Dans ces conditions, comment l’entrée en vigueur du protocole de Kyoto a-t-elle été obtenue ?
Michel Colombier : Tout a consisté à obtenir la ratification des Russes afin d’atteindre le quota d’émissions nécessaire à l’entrée en vigueur du protocole[^5] . Pendant cette période-là, les États-Unis ont joué la carte de la déconstruction d’un modèle qu’ils avaient eux-mêmes imposé, en considérant que les engagements de réduction étaient une idée fumeuse, bureaucratique, alors que ce qui comptait vraiment, c’était les innovations technologiques. Dans cet esprit, ils ont signé en juillet 2005 un Partenariat Asie-Pacifique sur le développement propre et le climat[^6] , avec l’Australie, la Corée du Sud, la Chine, le Japon et l’Inde, rejoints par le Canada en 2007. Ils ont ainsi affirmé leur volonté de travailler avec ceux qui comptent vraiment, c’est-à-dire à la fois ceux qui émettent le plus et ceux qui ont le plus besoin de transferts de technologies propres. Cette diversion a été d’autant plus efficace qu’elle s’est attaquée à un problème que l’UE n’avait jamais voulu traiter : quelle politique de recherche et développement mettre en œuvre et comment y associer les autres parties ?
L’Europe a alors perdu en crédibilité, alors même que de nombreux PED ont été séduits par la démarche américaine. En gros, l’Europe paraissait archaïque, pointilleuse et porteuse d’un message rébarbatif. Mais au final, on s’est vite rendu compte que ce Partenariat Asie-Pacifique que consistait surtout à convoquer des réunions de groupes de travail, sans grandes traductions pratiques.
L’UE a donc développé une diplomatie active envers les Russes.
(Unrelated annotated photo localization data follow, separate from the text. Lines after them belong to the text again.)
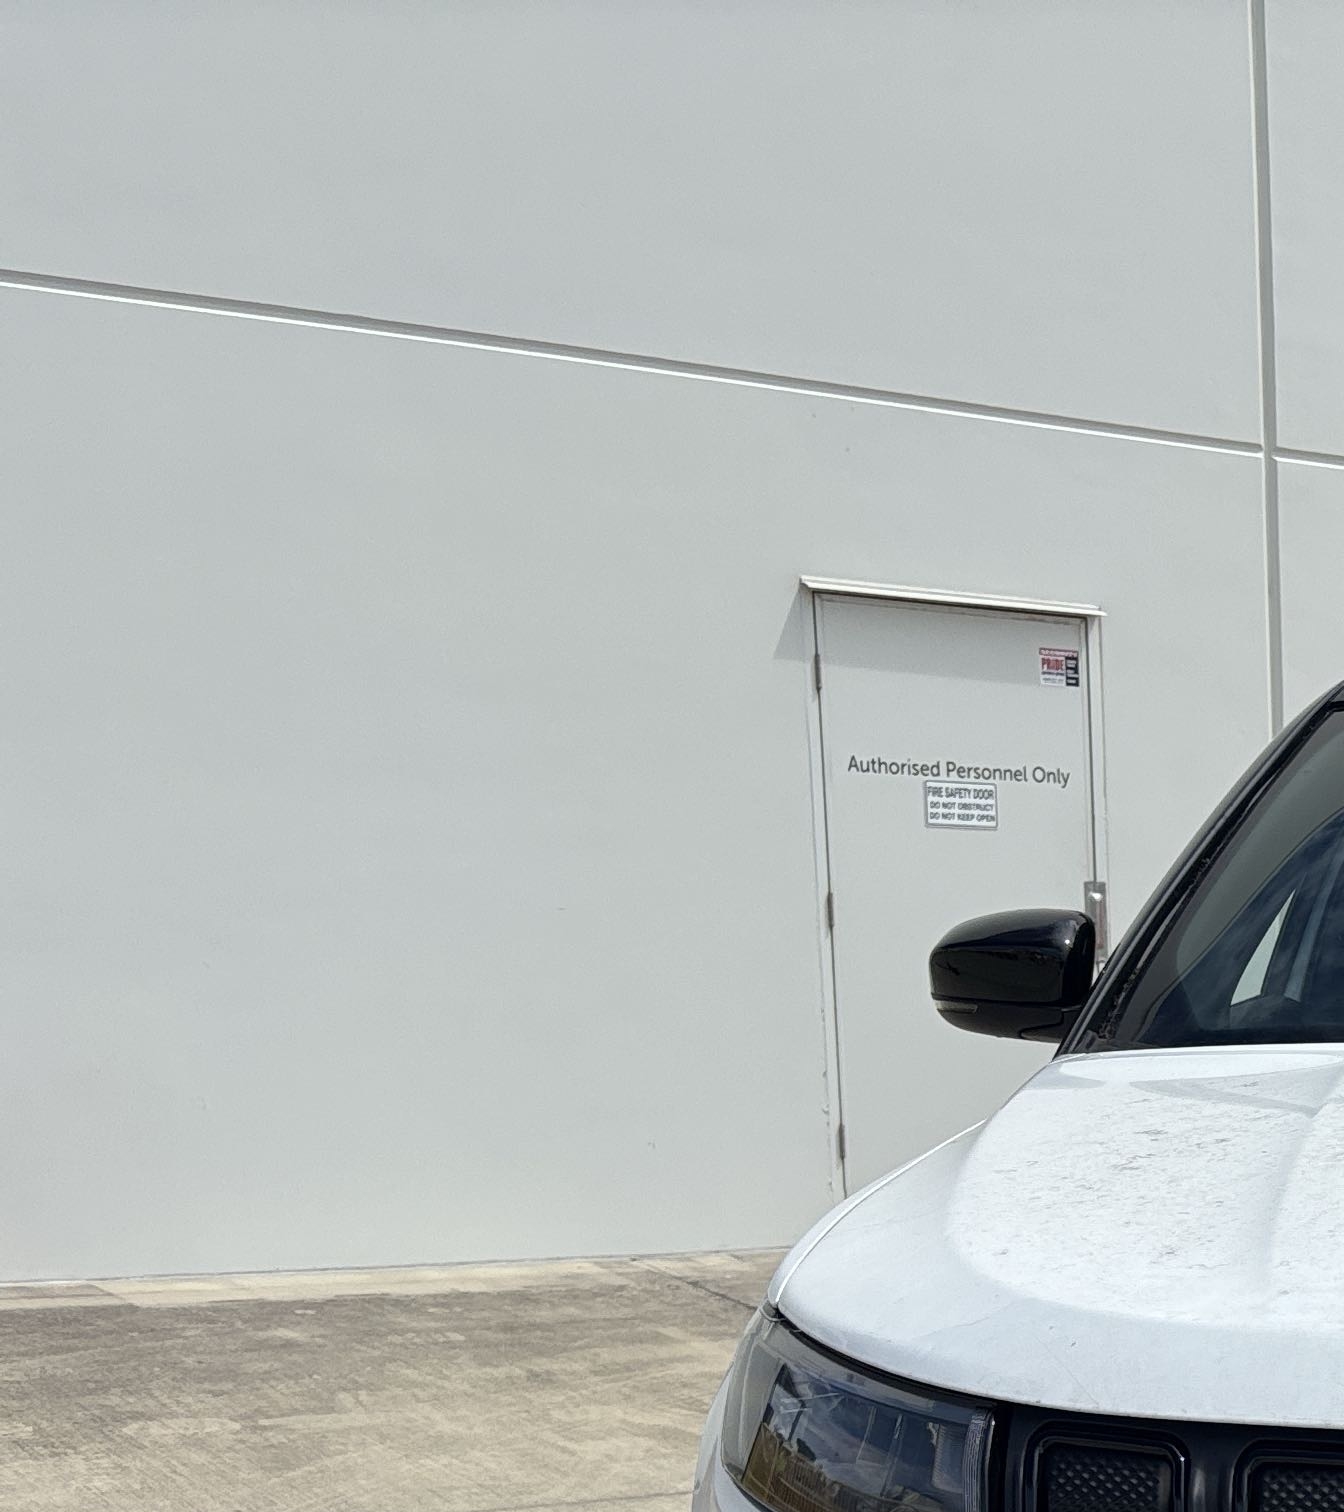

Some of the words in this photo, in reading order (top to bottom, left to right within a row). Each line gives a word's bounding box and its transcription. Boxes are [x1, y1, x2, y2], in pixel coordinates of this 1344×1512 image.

[847, 755, 941, 778] Authorised
[946, 761, 1028, 783] Personnel
[1032, 766, 1071, 789] Only
[927, 786, 943, 798] FIRE
[944, 787, 971, 799] SAFETY
[973, 788, 994, 800] DOOR
Ceux-ci s’étaient bien rendu compte qu’ils n’avaient plus grand intérêt à ratifier cet accord vu que la valeur potentielle de leur hot air s’était effondrée avec le retrait des Américains : ils n’avaient plus personne à qui le vendre ! Ils ont donc essayé d’obtenir des garanties de l’Europe, qui a cherché à renforcer son partenariat énergétique et à proposer un modèle acceptable de valorisation du hot air garantissant de réels investissements de réduction des émissions. La discussion ne s’est pas nécessairement limitée au strict cadre climatique et ne peut certainement être interprétée que dans un cadre diplomatique plus large des relations bilatérales entre l’Union européenne et la Communauté des états indépendants. Au final, en octobre 2004, les Russes ont ratifié le protocole qui a ainsi pu entrer en vigueur en février 2005.
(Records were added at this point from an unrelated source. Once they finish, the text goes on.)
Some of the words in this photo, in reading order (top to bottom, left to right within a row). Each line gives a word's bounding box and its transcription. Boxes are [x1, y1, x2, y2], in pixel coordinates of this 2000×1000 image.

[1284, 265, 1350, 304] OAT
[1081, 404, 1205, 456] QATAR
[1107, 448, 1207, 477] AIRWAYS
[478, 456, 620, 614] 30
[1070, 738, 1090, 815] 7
L’adaptation et les forêts ont longtemps constitué des sujets tabous dans la négociation, parce qu’utilisés comme des écrans de fumée, des entraves à l’action.
Quelle place a occupé la question de l’adaptation dans les négociations climat ?
Michel Colombier : Cette question a été prise en compte dès le premier rapport du GIEC, au même titre d’ailleurs que celle de la forêt, qui a connu une histoire assez similaire. Ces deux sujets ont posé un problème fondamental dans l’équilibre de la discussion, notamment avec les mouvements écologistes. Forêts et adaptation apparaissaient tous deux comme des sujets visant à s’affranchir du débat sur la nécessaire conversion des économies industrialisées vers un modèle sans carbone. C’est-à-dire que parler forêt ou adaptation au début des années 1990, c’était ouvrir la voie à une forme de déresponsabilisation, sur le mode, «l’important n’est pas de changer de trajectoire, c’est savoir s’adapter à un monde changeant». C’était évidemment un discours inacceptable, tenu d’ailleurs par nombre de lobbies américains, charbonniers, pétroliers, etc. En résumé, pour faire avancer la négociation climat vers une régulation internationale et contraignante pour diminuer les émissions, vous aviez tendance à minimiser l’importance de l’adaptation, considérée comme une diversion par rapport à cet objectif. Voilà pourquoi cette question de l’adaptation a longtemps été évacuée.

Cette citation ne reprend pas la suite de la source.